気持ち程度の屋根のある小屋に数脚の椅子が並び誰も居ない改札を抜けるとコンクリートの間から雑草が伸びるホーム。
とは言っても顔見知りの乗客が数人ちらほらいつもいるような状態でした。
その日はいつもの帰りの時刻に間に合わず一本遅い電車に乗ることになりました…一本遅いとなると一時間近く開くことになりますが…
さすがにいつも一緒になる乗客の姿はなく、見た事ないおばあさんと子供を連れた親子が一組、みんな離れて座っていました。
その中の一人でも自分の駅で降りてくれることを願いましたが、届かず。
私は一人いつものように無人駅に降り立ちました。
まぁ人が居ない駅ですが常に通学で使っている駅です。いつものように気にすることなく改札を抜けようとするとまるで透明のカーテンをくぐり抜けたような感触を肌に感じました。
生暖かい風が通り抜けた様な…
ゾクッ…
考えるな!嫌な予感を頭から追い出そうとしますが一度浮かんだ考えはなかなか消えてくれません。
生まれてから此方この駅を使っていますが今まで奇妙な経験は数える程しかありません…それもまぁ気のせいかな…と思える程度。
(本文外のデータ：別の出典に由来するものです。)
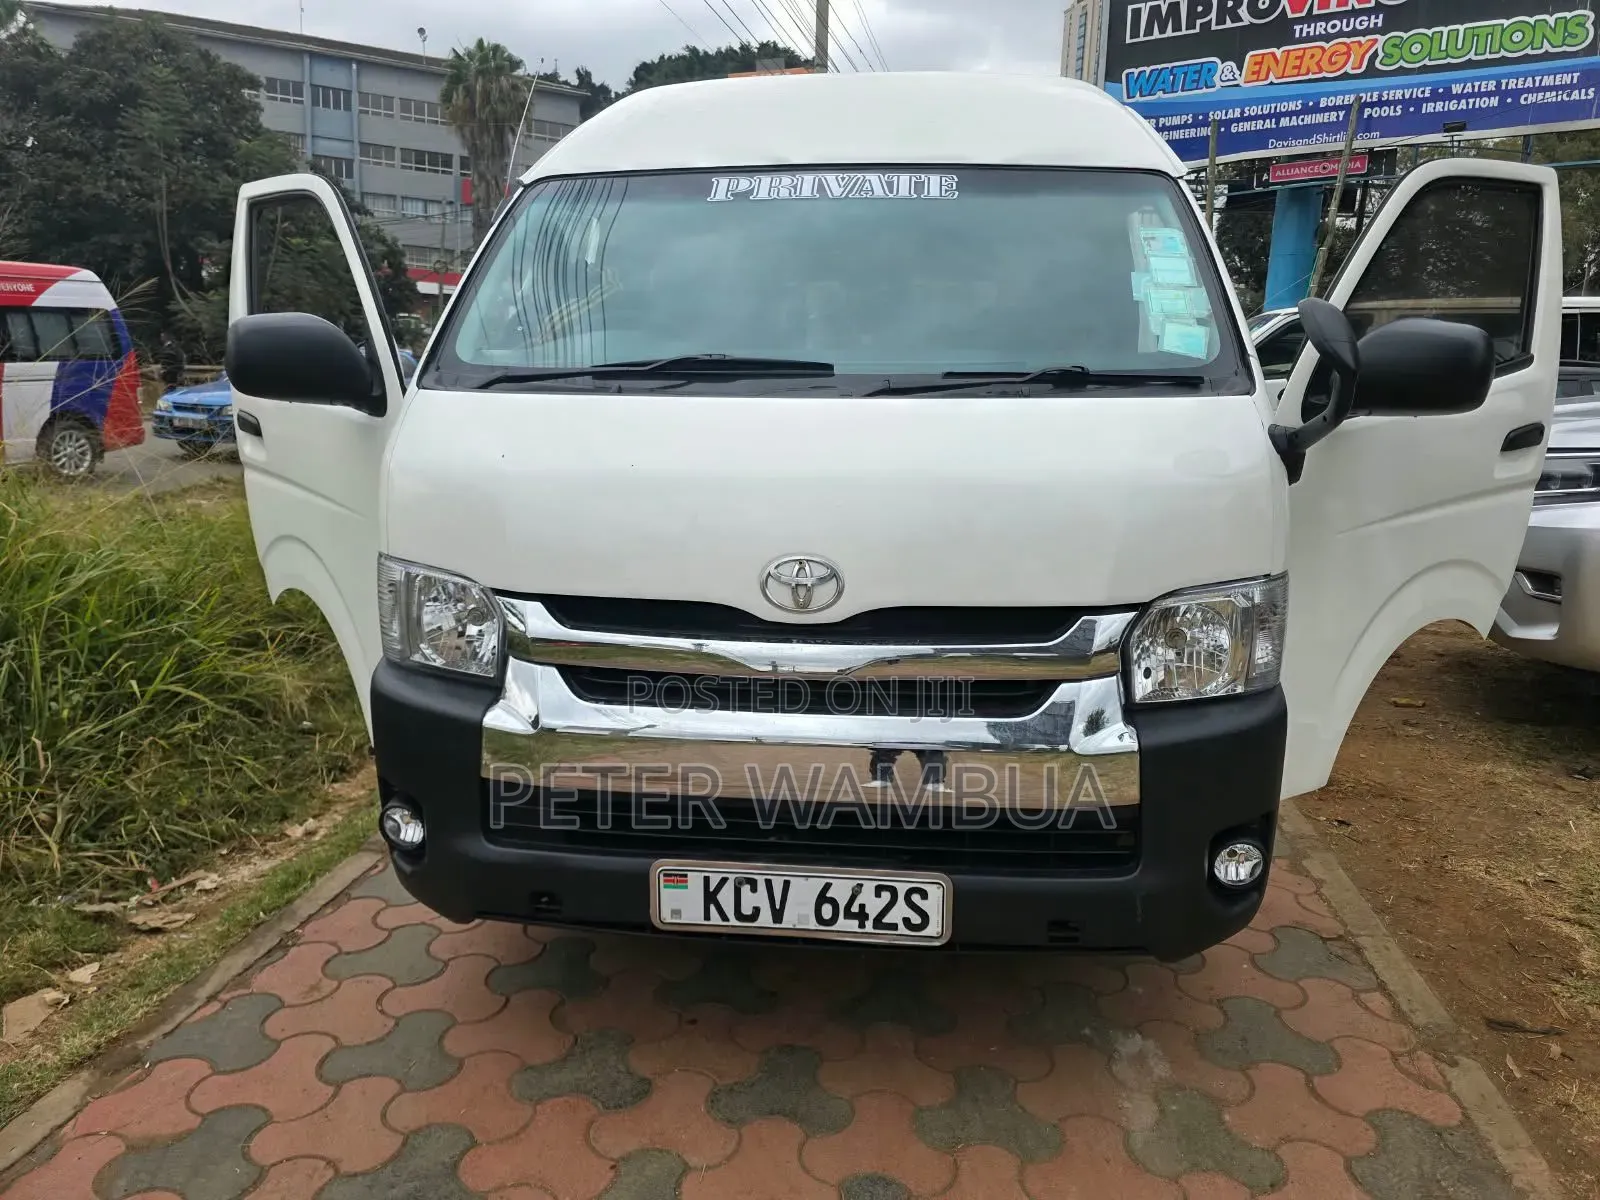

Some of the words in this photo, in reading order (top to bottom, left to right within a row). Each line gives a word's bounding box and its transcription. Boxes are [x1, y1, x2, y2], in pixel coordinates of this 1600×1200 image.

この日はいつも聞こえる虫の声まで気味悪く聞こえました…
しかしここで留まっている訳にも行かず足を踏み出す。
いつも通る道の前に来ると…毎晩通っているその道が暗く感じる…いつもより遅い時間なのだから当たり前なのだがその時はそんな事を考える余裕もなかった。
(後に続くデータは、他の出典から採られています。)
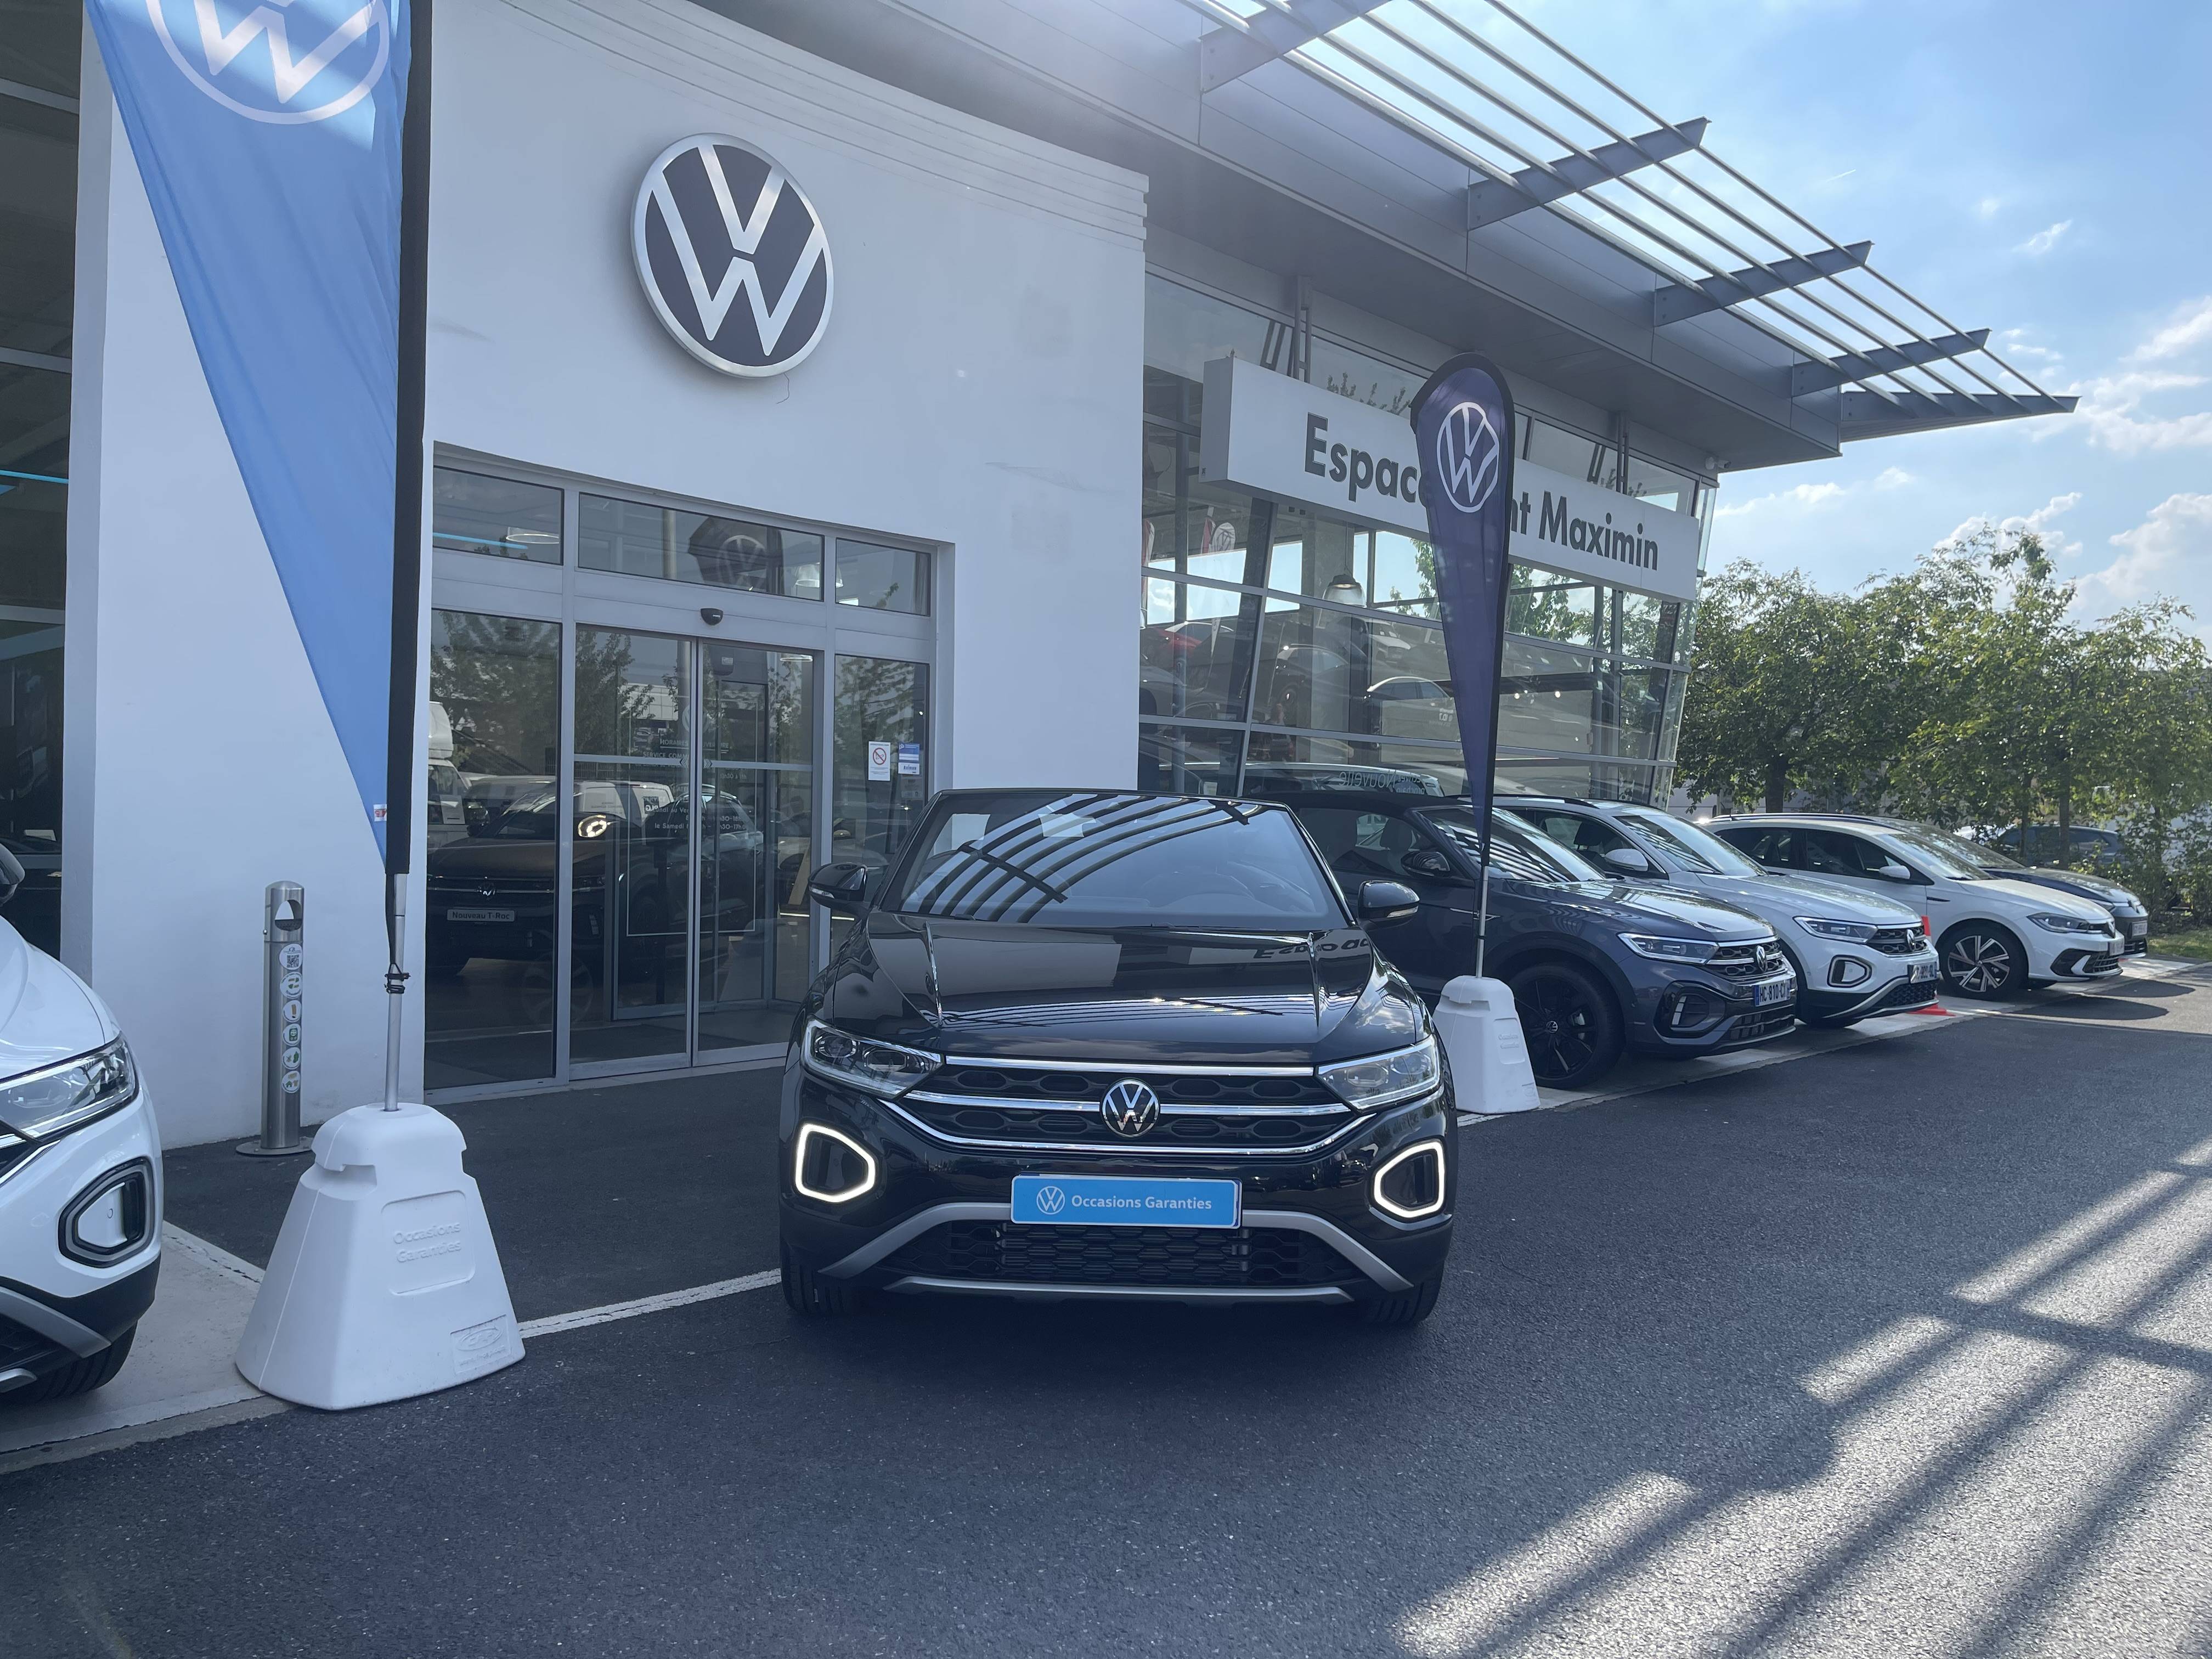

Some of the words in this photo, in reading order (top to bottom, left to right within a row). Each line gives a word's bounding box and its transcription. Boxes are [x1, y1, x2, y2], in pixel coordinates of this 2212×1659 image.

[1539, 490, 1658, 571] Maximin
[1071, 1195, 1141, 1209] Occasions
[1145, 1196, 1212, 1210] Garanties
[393, 1222, 461, 1244] Occasions
いつも通る道は街灯も少なく道も補強されていない…その代わり家に10分早く着く。
もう一方は車道の道で気持ち程度街灯もあるその代わり遠回りだ…どちらの道を行こうかと迷っていると風がいつもの道の方へと吹いてきた。
走ればもっと早く着くかも…
そう思ってカバンを背中に背負って小走りに走り出すと…前から車のライトが見えてきた。
「おーい」
よく見ると父の軽トラで窓から手を出している。
私はほっと息をつき、車に駆け寄った!
父の車で帰り道を走っていると
「なんで迎えに来てくれたん?いつもなら来ないでしょ」
滅多に迎えになんか来てくれない父に声をかけると
「ばぁちゃんが迎えに言ってやれってうるさくてなぁ…しょうがねぇから来たんだよ」
「えっばぁちゃんまだ起きてるの?」
時間を見ると22時近い、ばぁちゃんは21時前には布団に入ってその時間なら寝ているはずなのだ…
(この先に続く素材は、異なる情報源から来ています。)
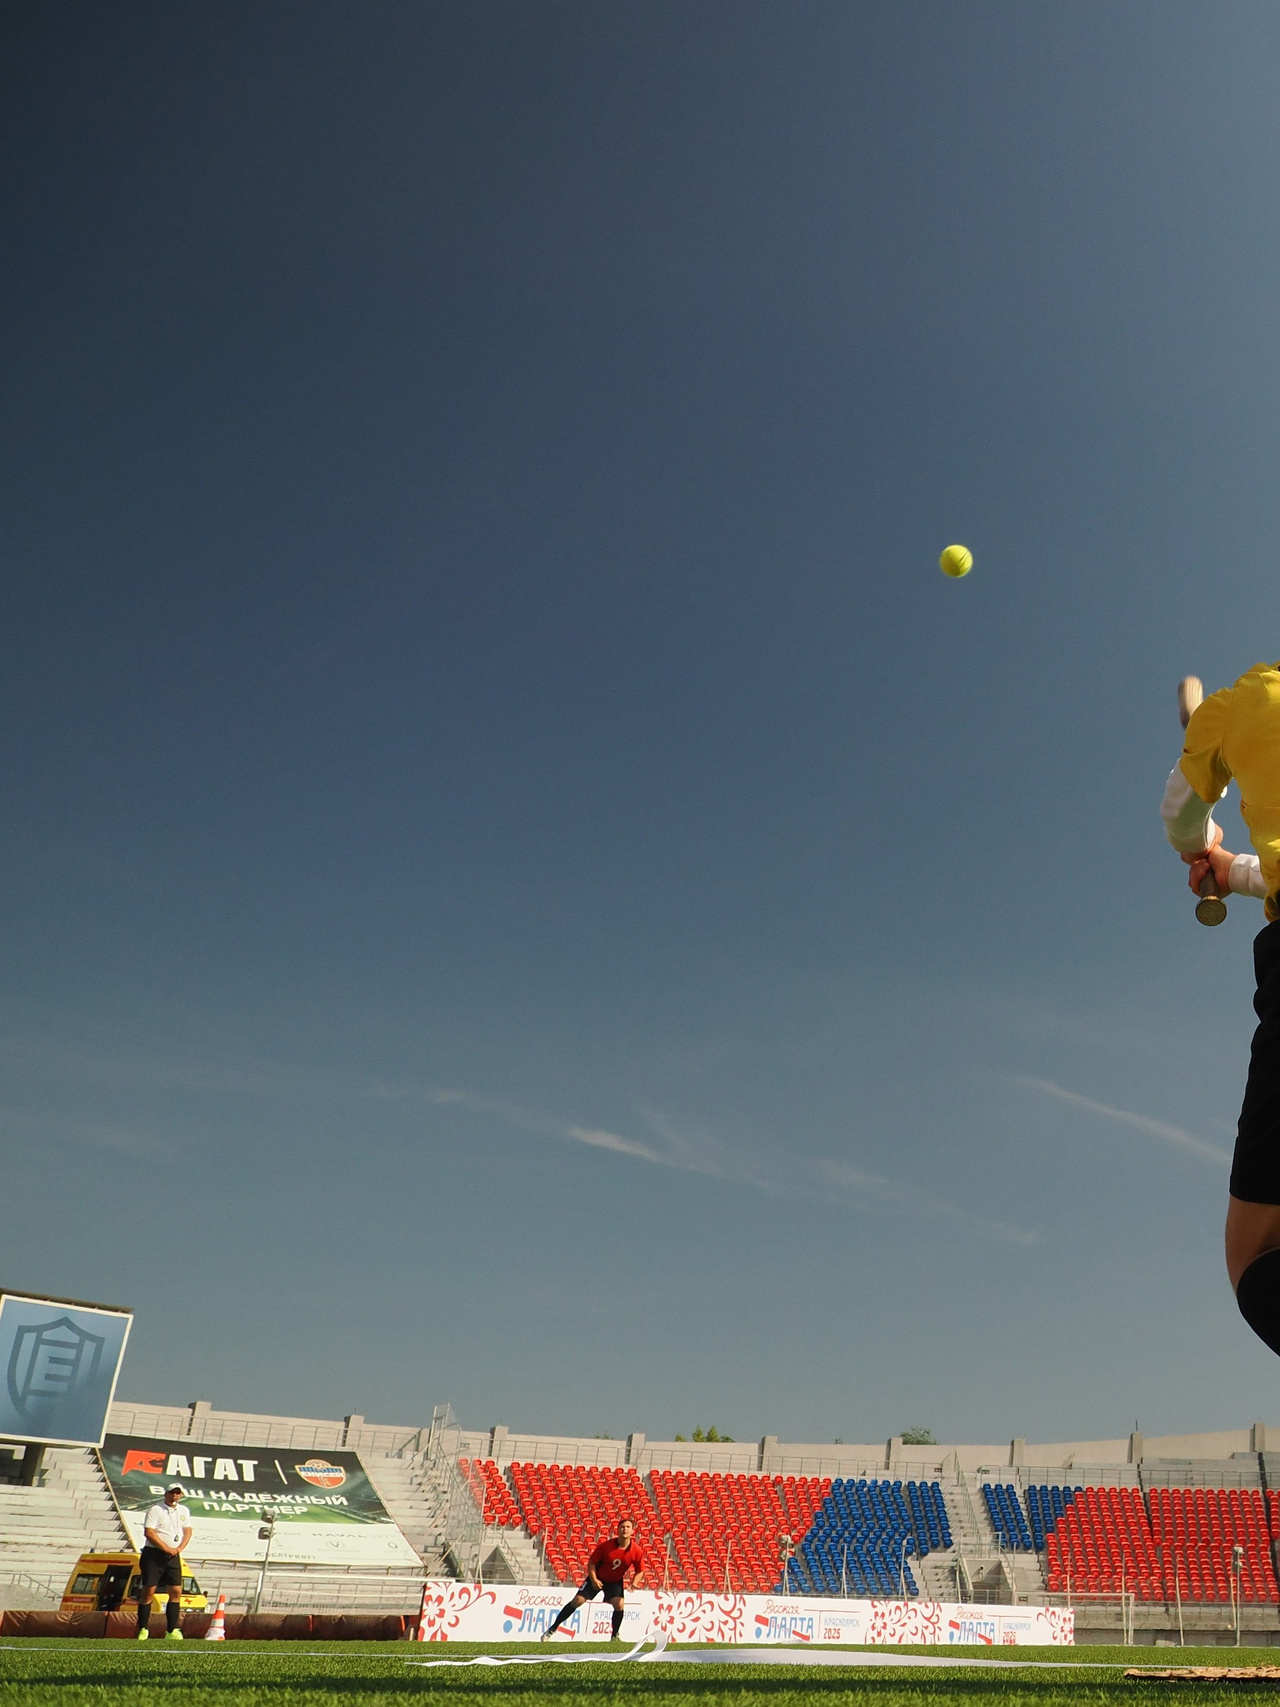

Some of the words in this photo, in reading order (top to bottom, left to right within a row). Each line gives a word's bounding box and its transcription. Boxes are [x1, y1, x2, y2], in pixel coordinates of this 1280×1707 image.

[166, 1454, 258, 1482] АГАТ
[149, 1485, 205, 1499] ВШ
[209, 1490, 349, 1506] НАДЕЖНЫЙ
[203, 1501, 308, 1515] ПАРТНЕР
[612, 1558, 622, 1570] 9
[515, 1588, 564, 1607] Русская
[763, 1599, 800, 1615] Русская
[518, 1607, 581, 1634] ЛАПА
[594, 1610, 641, 1621] КРАСЯРСК
[824, 1617, 859, 1627] КРАСНОЯРСК
[766, 1616, 814, 1639] ЛАПТА
[823, 1628, 841, 1639] 2025
「襖閉じたまま、寝言のように迎えに行け行け言うんだよ」
「ふーん…でも助かった。今日の夜道なんか怖かったんだよね~」
父としかも車に乗ったことで余裕の私は気にすることなくばぁちゃんの気まぐれに感謝した。
家に帰りばぁちゃんに一応お礼を言おうかと部屋を覗くが、ばぁちゃんは既に寝てしまっていて寝息が聞こえる。
私はお礼は明日でいいかなと襖を閉じると…
チッ!
耳元で舌打ちの様な音がした…
バッと振り返るがそばに人はおらず父は台所で座って早速とビールを飲んでいた…
私は髪を何となく払うとお風呂へと向かった。
次の日そんな事は忘れて慌ただしく家を出ていつものように駅へと向かった。
次の日はいつもの電車に乗る事ができ数人の乗客達と駅を降りると、なんと父が車で待っていた。
驚いて駆け寄ると
「どしたの!?なんで二日も!」
迎えに来たのかと聞くととりあえず乗れと言われる。
頷き直角に置いてあるだけの固い助手席に座ると
「今日な、この道で猫やら犬やらが刃物で殺されとったらしい」
「えー!そうなの、怖いね…犯人捕まったの?」
「ああ、若い男で誰でもいいから刺したかったらしいぞ…」
「ひ、人も刺したの!?」
「いや、刺す気でいたが誰も通らなかったから諦めて猫と野良犬捕まえて殺ったらしい…」
「そっか…あっだから迎えに来てくれたの?」
父を見ると険しい顔で前を見つめている。
「ああ」
「もう犯人捕まったんなら大丈夫でしょ?」
「そうだがな…その犯人猫達を殺したの昨晩の22時頃らしいんだ」
「え…」
それは昨日自分がまさに通ろうとしていた時間だった。
「なんか…ばぁちゃんが助けてくれたのかね」
はは…とから笑いをすると
「ばぁちゃん…昨日な、そんなこと言ってないって言うんよ」
「ばぁちゃんがボケちゃったの!」
「いや、しっかりしとる。昨日の飯も覚えてるし…自分は昨日もいつも通りねてそんな事言ってないって…しかもお前が遅くなる事も知らんかったんだ」
「や、やめてよ…じゃあ誰が言ったの」
「……」
父は何も答えずに前を見ていた…
「で、でもその声で私は助かったんでしょ?まぁ刺されたって決まったわけじゃないけど…」
「そうだな」
「じゃあきっといい霊だったんだね!守護霊とかじゃない?」
「…」
父がなにか言い淀むと…
「何よ…」
気持ち悪いと先を促す
「ばぁちゃんがそんな事言うもんだから昨日の事をよく思い出して見たんだけどよ…あれ〝行くな〟って言ってたんよ」
「はっ?」
「いや、こもった声だから行くでな~って言ってると思ってたんよ、ばぁちゃんが言ったことだから…」
「行くな…」
私はふと昨日感じたチッと言う舌打ちを思い出した…その瞬間全身に鳥肌が立つ。
私達は家に帰ると家中に盛り塩をして気を紛らわした…
しかしその後変な事はおきずあの時の事はやはり偶然の出来事と笑い話になっている。
しかし私はその道を二度と使う事はなかった。